(Supplied material Opens)

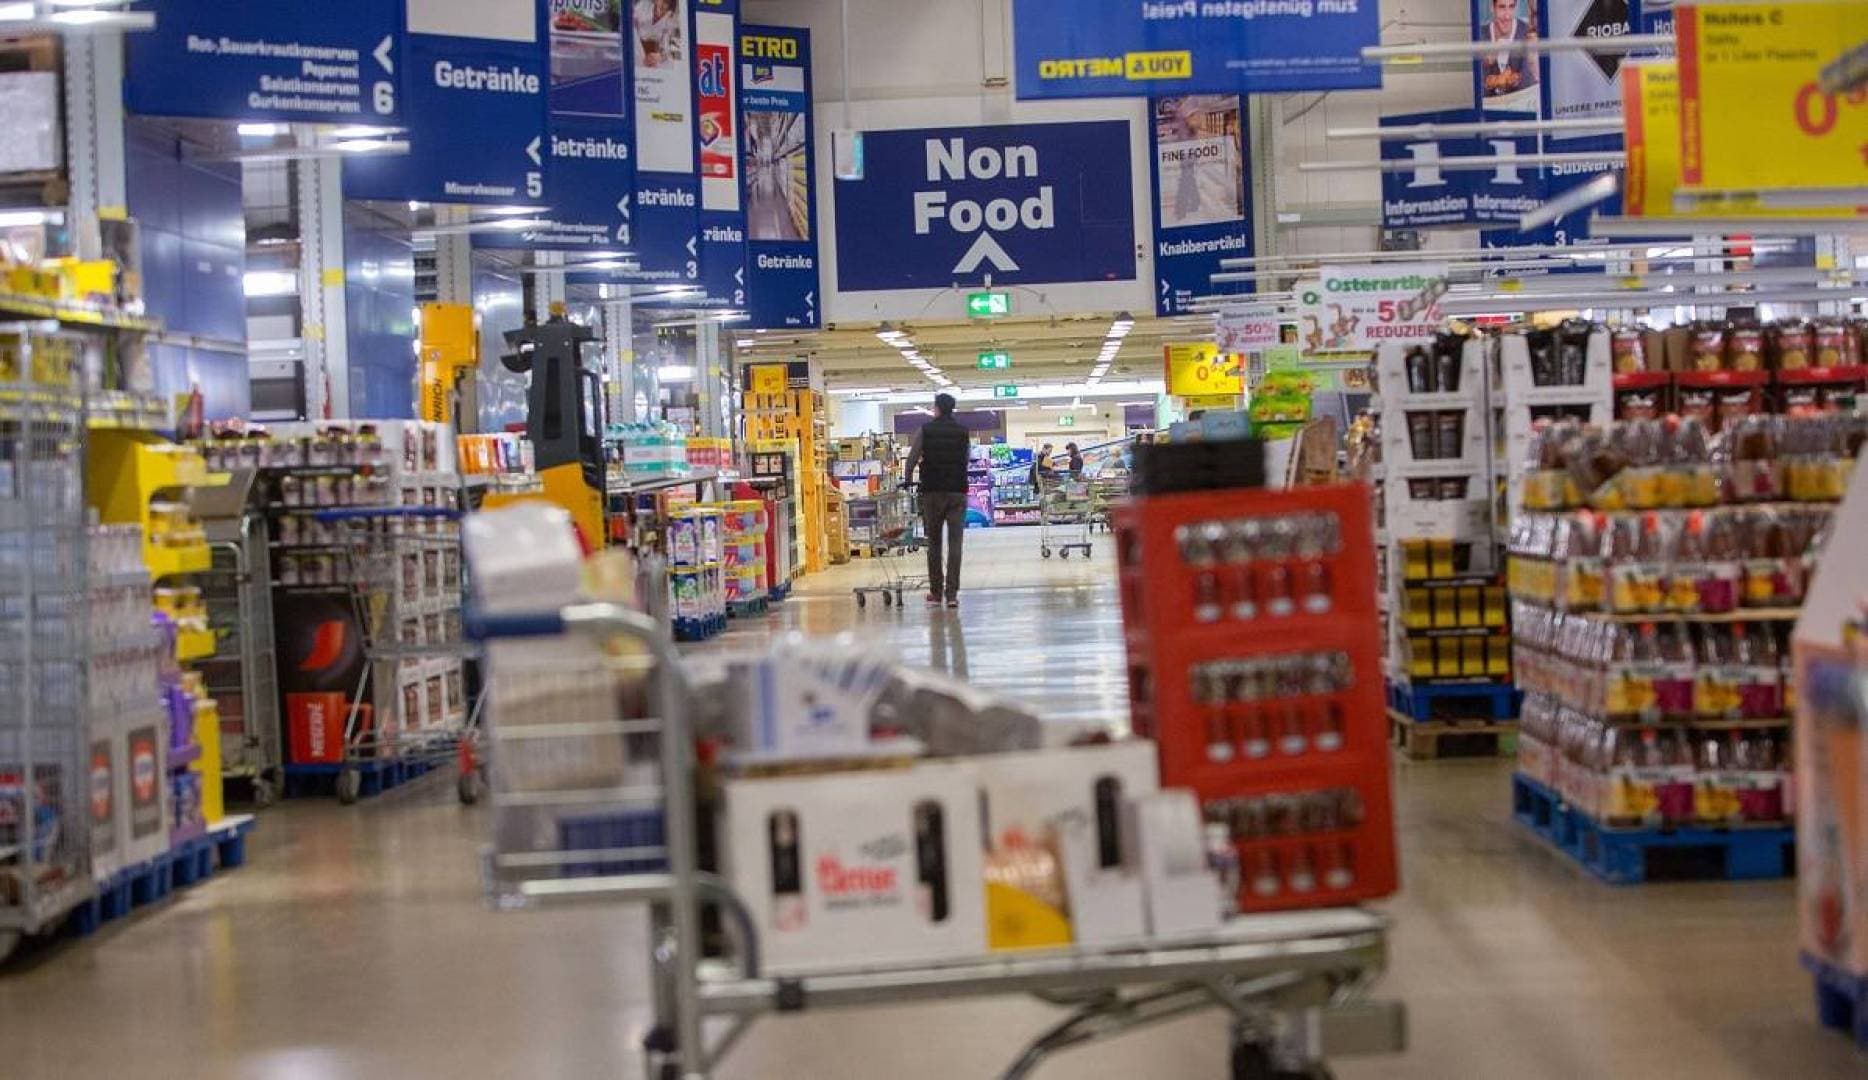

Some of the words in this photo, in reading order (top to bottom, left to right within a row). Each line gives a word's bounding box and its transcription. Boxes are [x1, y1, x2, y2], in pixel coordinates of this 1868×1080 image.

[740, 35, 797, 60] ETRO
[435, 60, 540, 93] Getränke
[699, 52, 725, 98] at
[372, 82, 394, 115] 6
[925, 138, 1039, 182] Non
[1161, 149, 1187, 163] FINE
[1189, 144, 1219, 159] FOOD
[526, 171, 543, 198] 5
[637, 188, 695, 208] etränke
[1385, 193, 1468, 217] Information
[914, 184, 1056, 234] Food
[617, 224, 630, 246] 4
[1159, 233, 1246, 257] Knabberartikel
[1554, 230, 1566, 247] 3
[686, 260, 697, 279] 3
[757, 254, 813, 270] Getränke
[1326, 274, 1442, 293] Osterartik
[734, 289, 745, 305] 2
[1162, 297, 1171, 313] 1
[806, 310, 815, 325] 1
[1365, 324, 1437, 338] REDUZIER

(Supplied material Closes)

**Task directions**
Please print the records above word for word, leaving every image out.

**Task result**
Some of the words in this photo, in reading order (top to bottom, left to right within a row). Each line gives a word's bounding box and its transcription. Boxes are [x1, y1, x2, y2], in pixel coordinates of this 1868×1080 image.

[740, 35, 797, 60] ETRO
[435, 60, 540, 93] Getränke
[699, 52, 725, 98] at
[372, 82, 394, 115] 6
[925, 138, 1039, 182] Non
[1161, 149, 1187, 163] FINE
[1189, 144, 1219, 159] FOOD
[526, 171, 543, 198] 5
[637, 188, 695, 208] etränke
[1385, 193, 1468, 217] Information
[914, 184, 1056, 234] Food
[617, 224, 630, 246] 4
[1159, 233, 1246, 257] Knabberartikel
[1554, 230, 1566, 247] 3
[686, 260, 697, 279] 3
[757, 254, 813, 270] Getränke
[1326, 274, 1442, 293] Osterartik
[734, 289, 745, 305] 2
[1162, 297, 1171, 313] 1
[806, 310, 815, 325] 1
[1365, 324, 1437, 338] REDUZIER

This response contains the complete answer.